Ve böylece bu kütle spektrometresinin yarıçapı, örneğin 1 metre olsaydı, o zaman fark burada -- hatırlayın bu 2R’dir—fark yaklaşık 1.2 santimetre çıkacaktı ve burada bir toplayıcınız var; siz 238 çekirdekli atomlarınız burada birikir ve 235 çekirdekleriniz ise burada birikir. İşte, kütle spektrometresinin arkasındaki fikir budur.

Bu özel örneği niçin seçtim?

Çünkü, bu örnek bizim dünyamızı değiştirdi ve tarihe geçti.

İkinci Dünya Savaşını sona erdirmek amacıyla bir atom bombası yapmak için Amerikalılar tarafından Uranyum 235’e ihtiyaç duyuldu.

Bu, ünlü Manhattan Projesi altında yapıldı.

Ve Berkeley’den Ernest Lawrence, Uranyum-238’den 235’i ayırabilen bir kütle spektrometresi yaptı.

Başlangıçta o çok yavaş işlemişti, --yaklaşık günde 100 mikrogram.

Fakat bir atom bombası için birkaç kilogram gerekiyordu.

Onlar sonunda günde 1 grama kadar elde etmeyi başardılar ve gaz difüzyon teknikleri, --burada bunu tartışmayacağım--, gibi diğer ayırma teknikleri ile beraber birkaç kilogram elde etmeyi becerebildiler ve 6 Ağustos 1945’te Hiroshima’ya bir bomba attılar ve üç gün sonra Nagasaki’ye bir bomba daha attılar.
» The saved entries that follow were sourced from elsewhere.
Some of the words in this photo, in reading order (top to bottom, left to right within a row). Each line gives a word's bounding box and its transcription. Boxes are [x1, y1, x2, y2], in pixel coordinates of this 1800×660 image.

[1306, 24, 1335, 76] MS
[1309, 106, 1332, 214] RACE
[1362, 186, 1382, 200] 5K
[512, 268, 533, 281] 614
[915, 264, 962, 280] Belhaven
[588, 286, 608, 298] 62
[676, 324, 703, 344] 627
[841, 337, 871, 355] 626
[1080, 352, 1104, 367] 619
Japonlar teslim oldular ve 2. Dünya Savaşı son buldu.

Kütle spektrometresinin günümüzde birçok barışçıl uygulamaya sahip olması, özellikle tıp alanında, iyi bir şey.

İnsanlar bazen radyasyona ihtiyaç duyarlar, özel bir radyoaktif izotoptan radyasyona ihtiyaç duyulur; fakat aynı elementin diğer izotopları istenmez. İşte o zaman onları kütle spektrometresi ile ayırırsınız.

Bu, tam anlamıyla bir endüstridir;  çok önemli bir endüstri.

 

Protonları, neredeyse ışık hızına yaklaşan yüksek hızlara nasıl hızlandıracağınız konusunda konuşmak isterim.

Bu, aynı zamanda Ernest Lawrence’e saygınlık kazandıran bir  konudur.

İlk günlerde bu hızlandırma bir siklotronla yapılmıştı. Onu şimdi size tanımlayacağım.

Siklotron D ile isimlendirilen iki odadan oluşur.

Bu bir D ve burası diğer D. Bunlar iletken odalardır.

Bu taraftan bakarsanız bunun gibi görünür.

Bu sol oda ve bu sağ oda ve bunların hepsi vakumdalar ve tahtadan bize doğru olan, bunun gibi, bir manyetik alanımız var.

Gene şu bizim 1 MeV’lik protonumuzu alalım.

1 MeV’lik bir protonu bu odaya bıraktığımızı varsayalım; onun hangi hızla çıktığını biliyorum, çünkü 1 MeV’lik proton – Ohh, onu hala orada görüyorsunuz, 1.4 çarpı 10 üzeri 7 metre bölü saniyelik bir hıza sahiptir.

Ayrıca, alanın 1 Tesla olduğunu biliyoruz; bunu 1 Tesla yapalım, bu yarıçap 15 santimetre olacak. Yukarıda onu görüyorsunuz.

Böylece bu proton ne yapacak? O, bunu yapacak.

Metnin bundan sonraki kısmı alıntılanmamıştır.